Zum diesjährigen Ausbildungsstart zeigt sich ein uneinheitliches Bild. Die IHK Nürnberg meldet über 6.000 junge Menschen, die ihre Laufbahn in Industrie, Handel und Dienstleistungen beginnen. Die Handwerkskammer für Mittelfranken (HWK) hat bislang über 2.000 angehende Handwerker registriert. Allerdings scheint sich der Trend des vergangenen Jahres auch heuer fortzusetzen. Da sanken bereits die neu abgeschlossenen Lehrverträge. In diesem Jahr ist der Rückgang mit über 6 Prozent sogar noch deutlicher. Insbesondere Firmen im gewerblich-technischen Bereich fahren ihr Lehrstellenangebot in erster Linie wegen der konjunkturellen Lage zurück. Auch angehende Fachinformatiker sind deutlich weniger gefragt. Im mittelfränkischen Handwerk war die Bilanz 2025 leicht positiv. 2026 zeigt das Ausbildungsbarometer mit fast 6 Prozent deutlich nach oben.

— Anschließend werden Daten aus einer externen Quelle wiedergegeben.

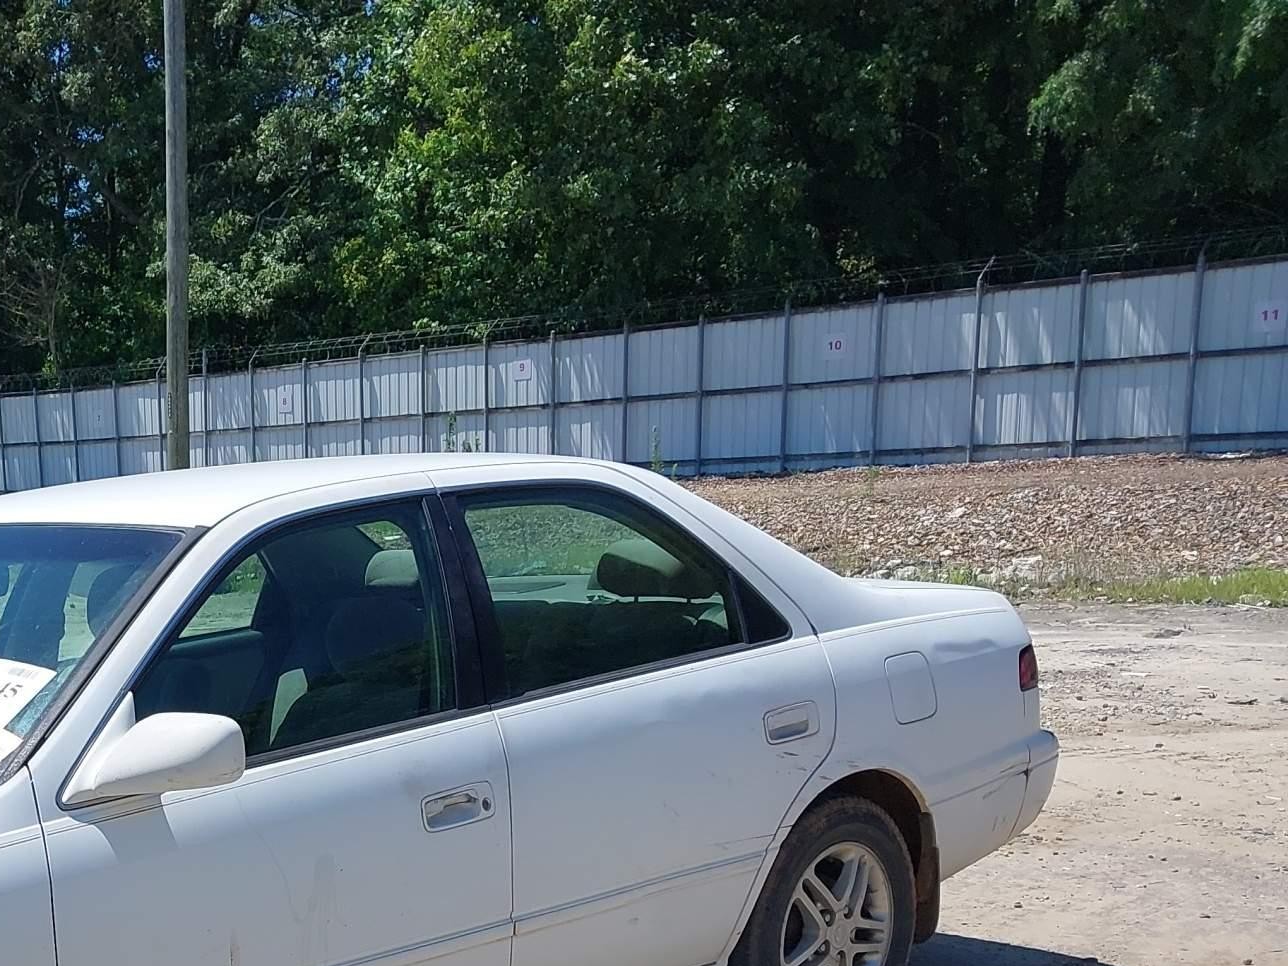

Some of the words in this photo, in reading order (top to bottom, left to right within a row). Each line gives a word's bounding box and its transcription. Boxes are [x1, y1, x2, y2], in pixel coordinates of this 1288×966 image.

[1262, 309, 1279, 321] 11
[828, 340, 842, 351] 10
[519, 362, 525, 372] 9
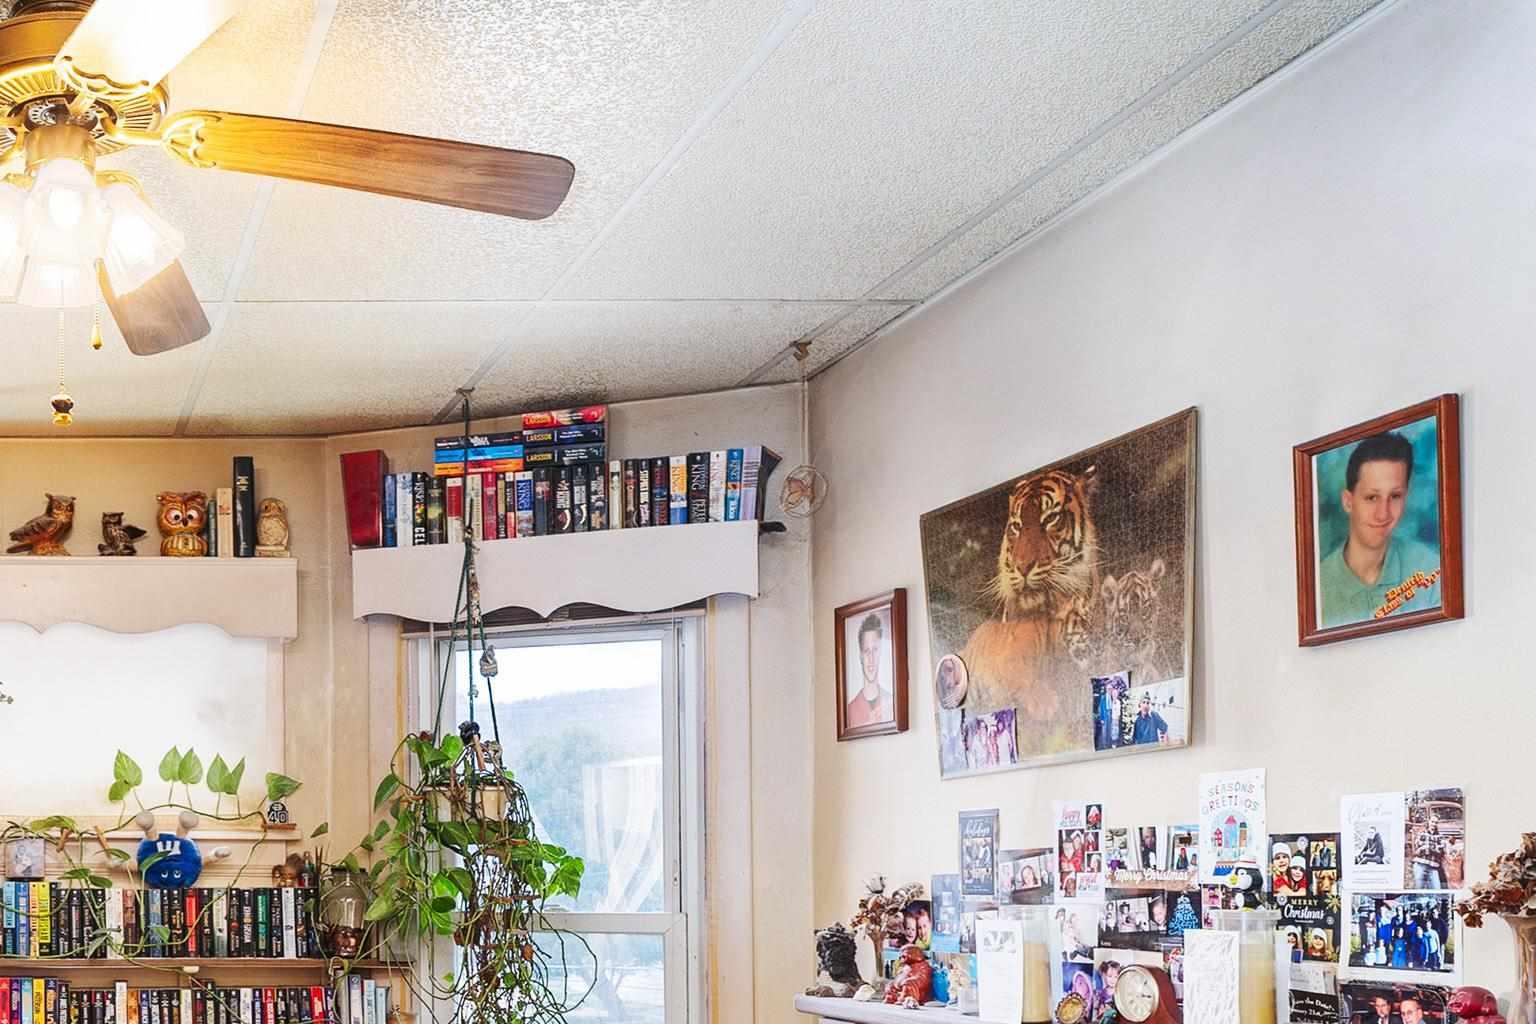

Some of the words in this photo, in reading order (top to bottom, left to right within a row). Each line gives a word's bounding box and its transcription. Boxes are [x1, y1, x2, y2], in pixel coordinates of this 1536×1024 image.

[692, 464, 702, 490] KING
[517, 482, 527, 509] KING
[1207, 781, 1255, 798] SEASONS
[1201, 795, 1260, 816] GREETINGS
[1115, 869, 1142, 884] Merry
[1143, 867, 1189, 881] Christmas
[1291, 898, 1319, 906] MERRY
[1284, 903, 1325, 921] Christmas
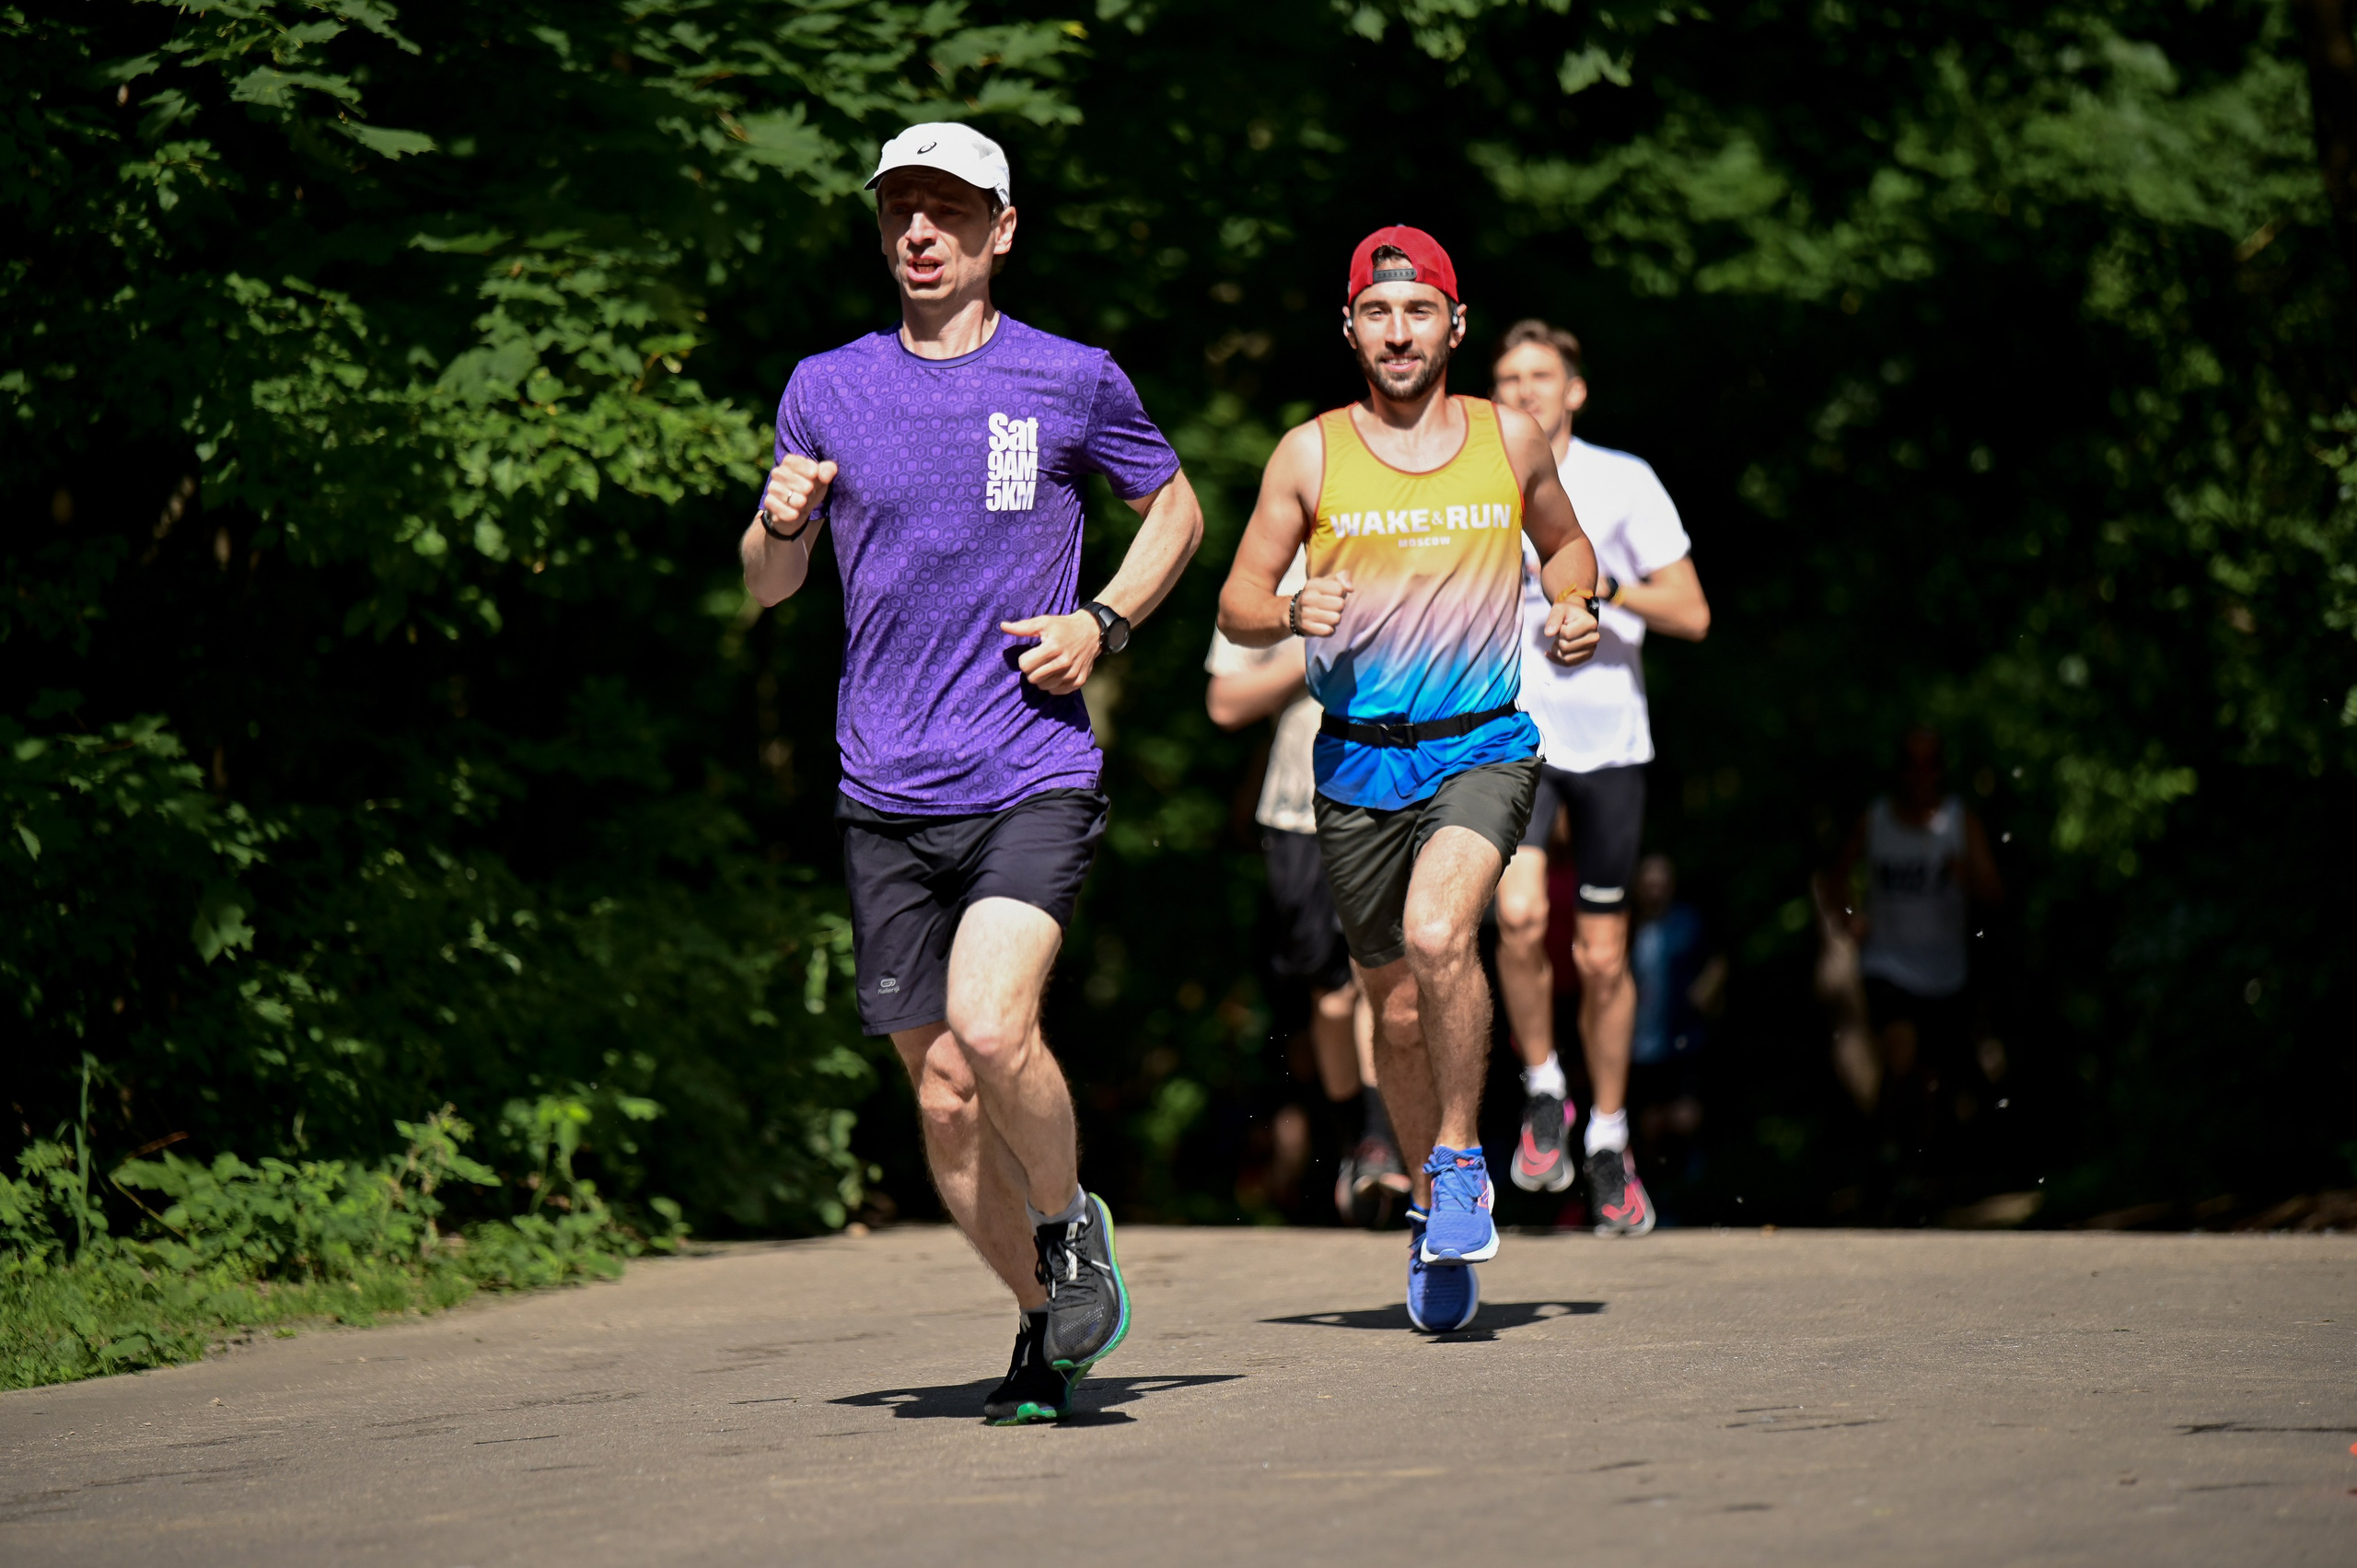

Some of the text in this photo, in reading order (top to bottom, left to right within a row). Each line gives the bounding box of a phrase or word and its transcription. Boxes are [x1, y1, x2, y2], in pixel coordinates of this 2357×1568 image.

[988, 412, 1039, 452] Sat
[987, 450, 1039, 481] 9AM
[985, 481, 1037, 512] 5KM
[1398, 536, 1451, 548] MOSCOW
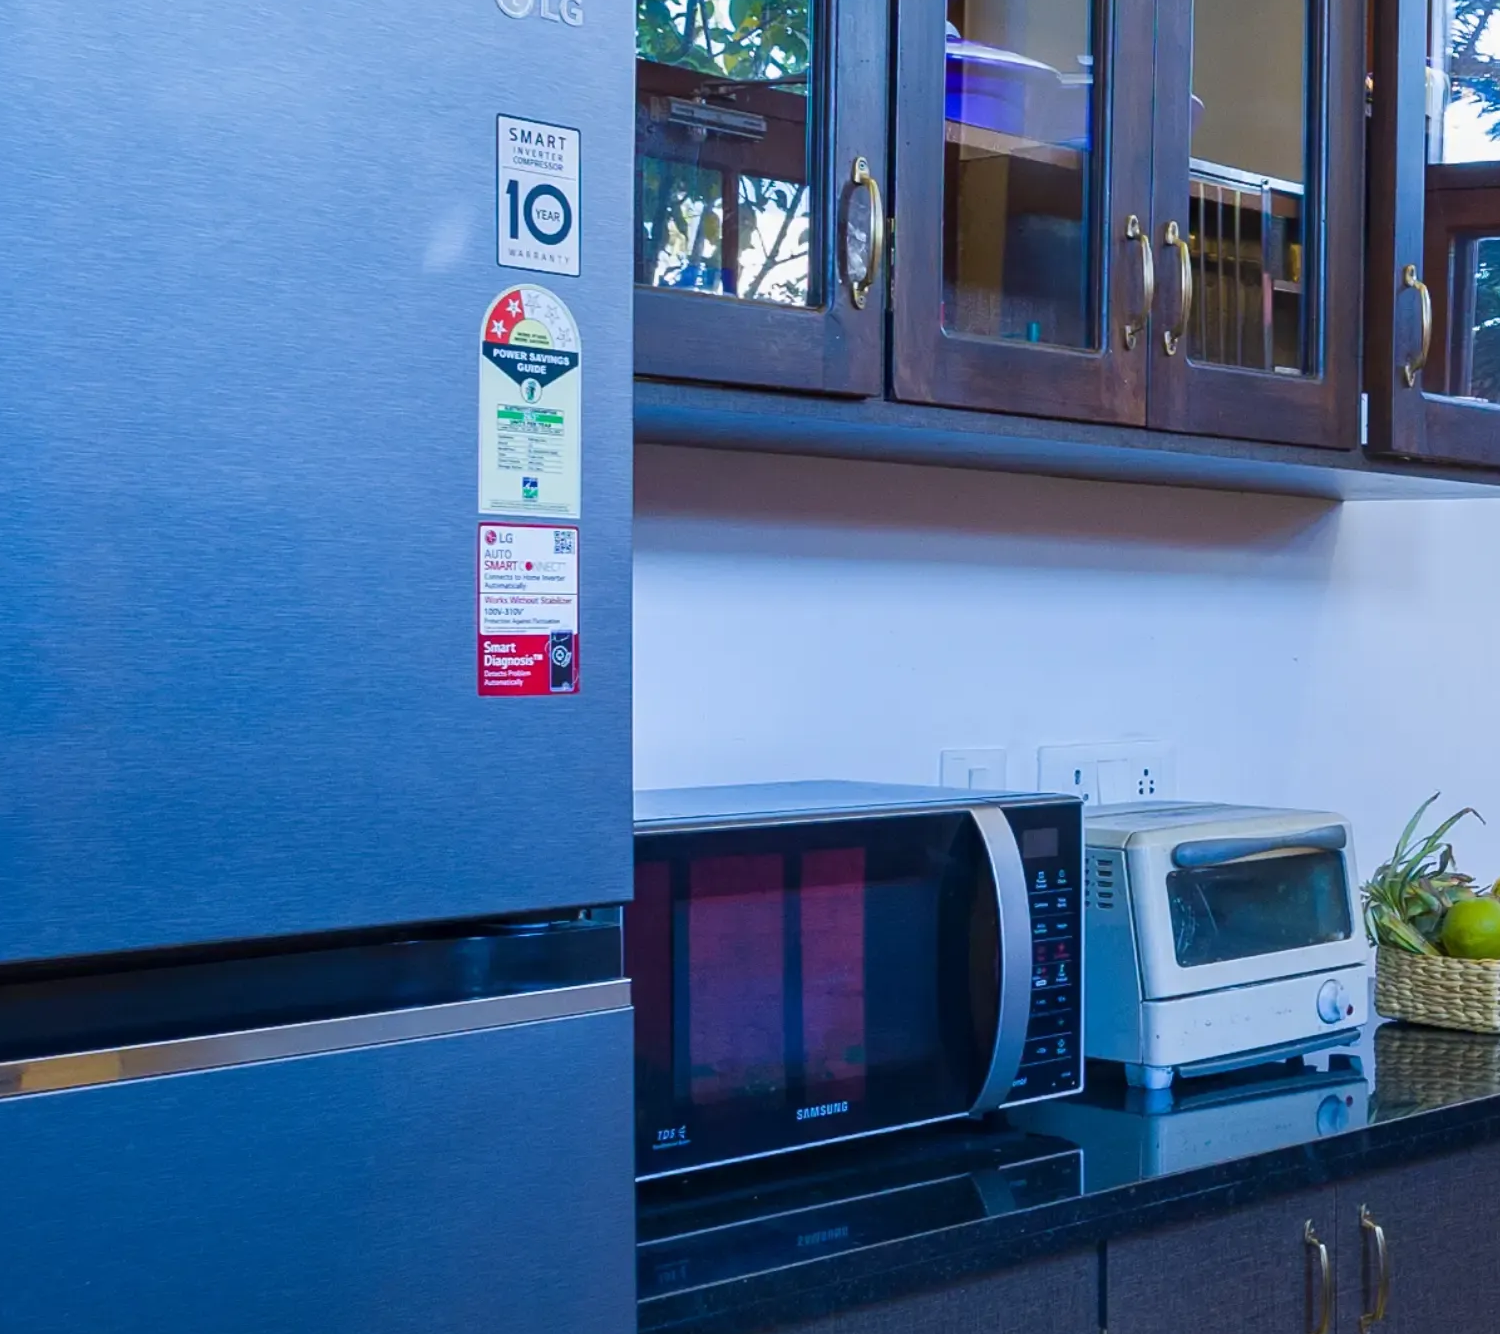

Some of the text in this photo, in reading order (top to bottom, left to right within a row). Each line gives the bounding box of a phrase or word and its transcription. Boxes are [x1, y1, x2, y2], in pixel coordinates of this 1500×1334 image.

[508, 127, 567, 150] SMART
[513, 147, 564, 162] INVERTER
[513, 155, 564, 171] COMPRESSOR
[506, 179, 572, 245] 10
[536, 208, 561, 222] YEAR
[508, 248, 570, 265] WARRANTY
[493, 348, 570, 366] POWER SAVINGS
[516, 363, 547, 375] GUIDE
[499, 533, 513, 544] LG
[484, 549, 512, 559] AUTO
[483, 641, 517, 653] Smart
[796, 1101, 848, 1120] SAMSUNG

Die gute Nachricht für alle Nachzügler: Der offizielle Startschuss ist keine Deadline für Spätentschlossene. In der IHK- und HWK-Welt ist nach wie vor ein Einstieg in die duale Ausbildung möglich. HWK-Ausbildungsexpertin Kassandra Daniel rät nach wie vor zu einem Praktikum. Jugendliche und Betriebe können so unkompliziert in ein paar Tagen herausfinden, ob Berufswunsch und Firma zueinander passen.
Bei den IHK-Berufen haben ausländische Azubis verhindert, dass die Zahl der vakanten Ausbildungsstellen nicht noch höher ausfällt. Offenbar sei die duale Ausbildung gerade im Ausland sehr gefragt: Über 22 Prozent der neuen Auszubildenden kommen aus dem Ausland. Bemerkenswert ist dabei, dass ausländische Jugendliche mit 28 Prozent deutlich häufiger in kaufmännischen Ausbildungsberufen vertreten sind, als im gewerblich-technischen Bereich. Besonders hoch ist der Anteil an ausländischen Azubis im Bereich Hotel- und Gaststättengewerbe. Hier hat gerade mal ein gutes Viertel die deutsche Staatsangehörigkeit.
Besorgniserregend ist für Stefan Kastner, Leiter des IHK-Geschäftsbereichs Berufsbildung, die hohe Zahl der unversorgten Schulabgänger. Nach wie vor sind noch mehrere Hundert Ausbildungsplätze unbesetzt. Das könnte das Problem unqualifizierter Jugendliche weiter verschärfen, wenn sie sich nicht für ein Studium entscheiden. Das Bundesinstitut für Berufsbildung, BIBB, diagnostizierte zuletzt ein hohes Niveau bei jungen Erwachsener im Alter von 20 bis 34 Jahren ohne Berufsabschluss. BIBB-Berechnungen zufolge waren 2024 fast 19 Prozent ohne abgeschlossene Ausbildung oder Studium. Hochgerechnet waren dies 2,76 Millionen nicht formal qualifizierte junge Menschen mit entsprechend schlechteren Arbeitschancen.